WHAT TO WORK ON | Word for word, copy out the entries below, but not the pictures in them.

EXTRACTED DATA |

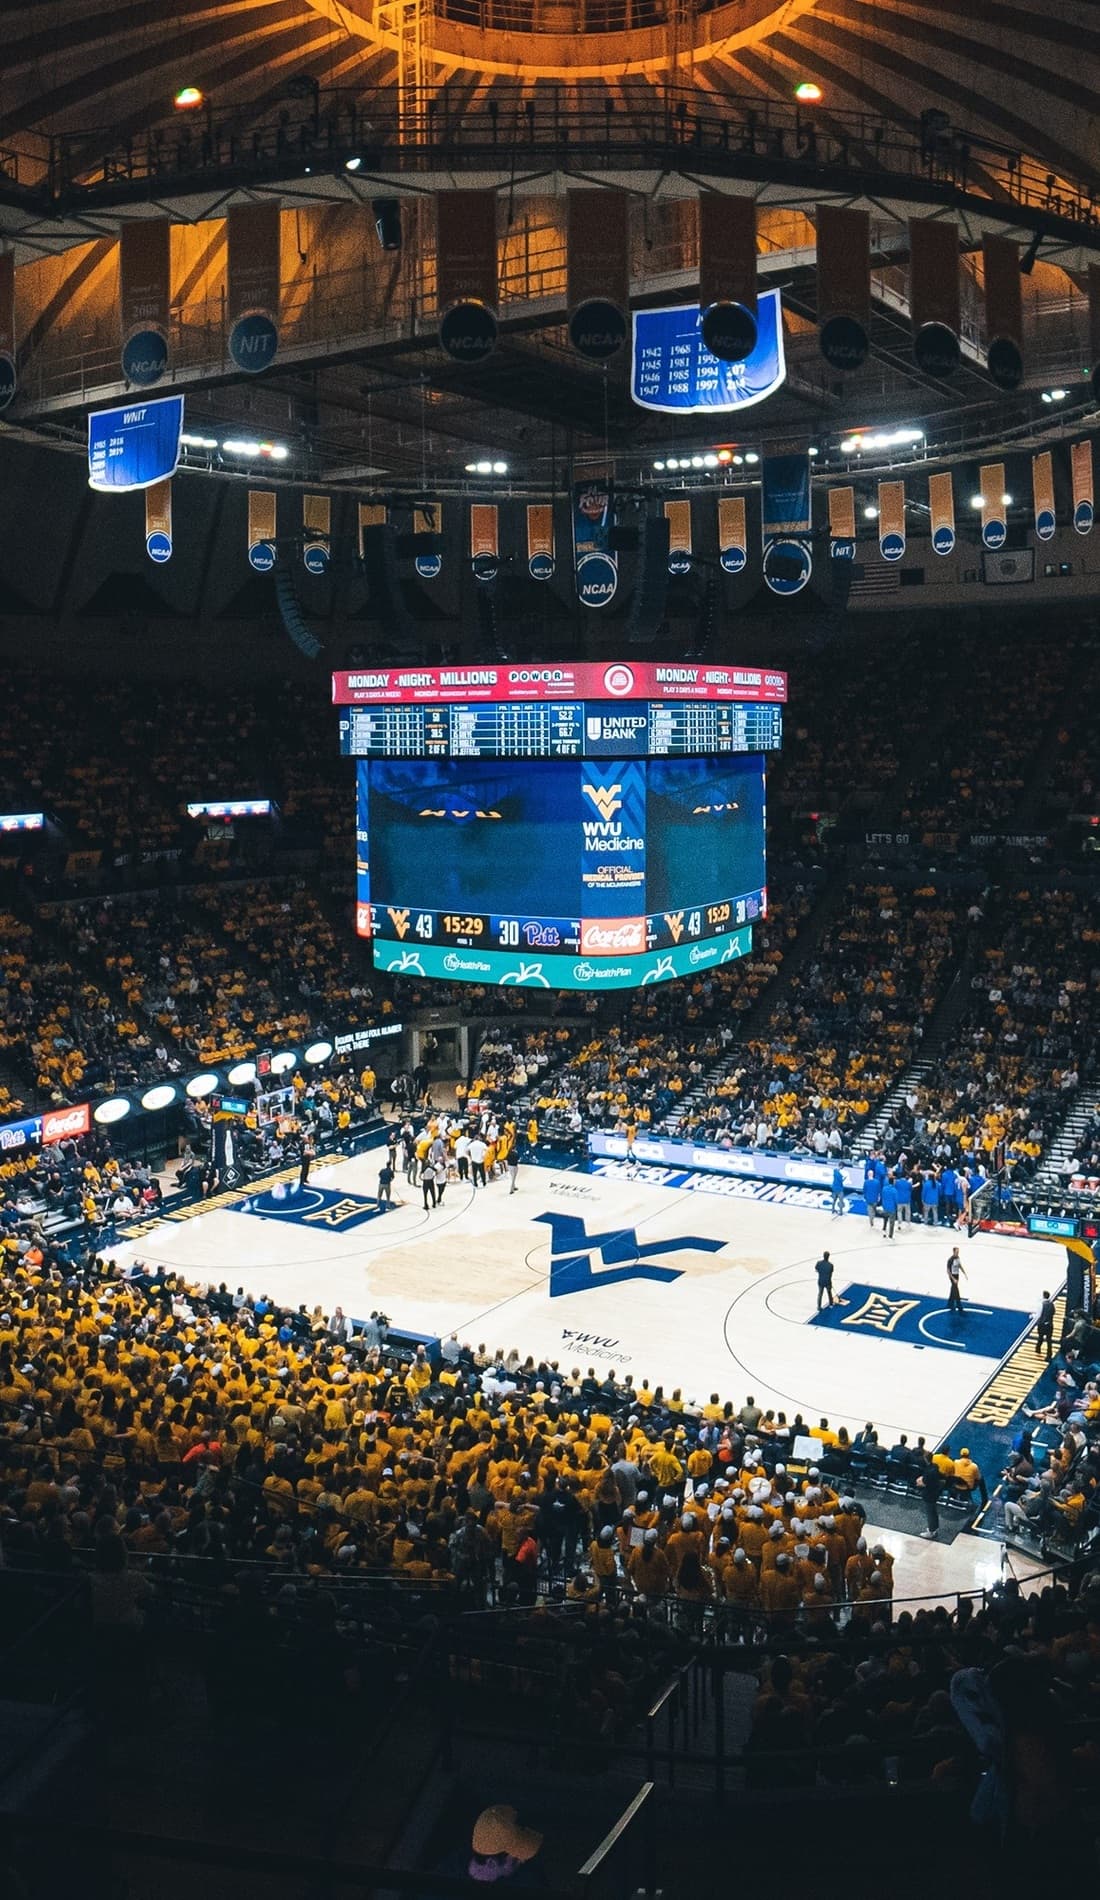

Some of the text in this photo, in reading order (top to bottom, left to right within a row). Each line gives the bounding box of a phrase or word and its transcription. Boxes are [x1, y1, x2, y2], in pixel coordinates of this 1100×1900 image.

[240, 335, 271, 354] NIT
[449, 337, 497, 349] NCAA
[579, 332, 627, 345] NCAA
[642, 344, 692, 358] 1942 1968
[131, 361, 166, 374] NCAA
[641, 360, 662, 371] 1945
[670, 358, 690, 368] 1981
[640, 372, 661, 384] 1946
[668, 370, 690, 381] 1985
[696, 367, 718, 378] 1994
[639, 380, 718, 396] 1947 1988 1997
[124, 409, 147, 424] WNIT
[835, 546, 851, 556] NIT
[582, 583, 615, 595] NCAA
[348, 674, 390, 688] MONDAY
[440, 671, 498, 686] MILLIONS
[509, 670, 562, 683] POWER
[656, 668, 699, 682] MONDAY
[733, 672, 762, 686] MILLIONS
[603, 716, 646, 728] UNITED
[603, 728, 636, 739] BANK
[556, 745, 560, 754] 4
[562, 745, 570, 754] OF
[418, 809, 503, 819] WVU
[692, 802, 740, 814] WVU
[582, 822, 622, 836] WVU
[586, 836, 644, 852] Medicine
[865, 833, 892, 844] LET'S
[896, 833, 910, 844] GO
[598, 866, 634, 874] OFFICIAL
[688, 911, 700, 936] 43
[707, 904, 730, 924] 15:29
[736, 900, 746, 923] 30
[416, 914, 560, 946] 43 15:29 30 Pitt
[583, 924, 644, 949] Coca-Cola
[45, 1110, 86, 1136] Coca-Cola
[560, 1184, 592, 1193] WVU
[576, 1332, 620, 1348] WVU
[562, 1342, 632, 1364] Medicine

TASK OUTPUT |
Some of the text in this photo, in reading order (top to bottom, left to right within a row). Each line gives the bounding box of a phrase or word and its transcription. Boxes are [x1, y1, x2, y2], in pixel coordinates of this 1100×1900 image.

[240, 335, 271, 354] NIT
[449, 337, 497, 349] NCAA
[579, 332, 627, 345] NCAA
[642, 344, 692, 358] 1942 1968
[131, 361, 166, 374] NCAA
[641, 360, 662, 371] 1945
[670, 358, 690, 368] 1981
[640, 372, 661, 384] 1946
[668, 370, 690, 381] 1985
[696, 367, 718, 378] 1994
[639, 380, 718, 396] 1947 1988 1997
[124, 409, 147, 424] WNIT
[835, 546, 851, 556] NIT
[582, 583, 615, 595] NCAA
[348, 674, 390, 688] MONDAY
[440, 671, 498, 686] MILLIONS
[509, 670, 562, 683] POWER
[656, 668, 699, 682] MONDAY
[733, 672, 762, 686] MILLIONS
[603, 716, 646, 728] UNITED
[603, 728, 636, 739] BANK
[556, 745, 560, 754] 4
[562, 745, 570, 754] OF
[418, 809, 503, 819] WVU
[692, 802, 740, 814] WVU
[582, 822, 622, 836] WVU
[586, 836, 644, 852] Medicine
[865, 833, 892, 844] LET'S
[896, 833, 910, 844] GO
[598, 866, 634, 874] OFFICIAL
[688, 911, 700, 936] 43
[707, 904, 730, 924] 15:29
[736, 900, 746, 923] 30
[416, 914, 560, 946] 43 15:29 30 Pitt
[583, 924, 644, 949] Coca-Cola
[45, 1110, 86, 1136] Coca-Cola
[560, 1184, 592, 1193] WVU
[576, 1332, 620, 1348] WVU
[562, 1342, 632, 1364] Medicine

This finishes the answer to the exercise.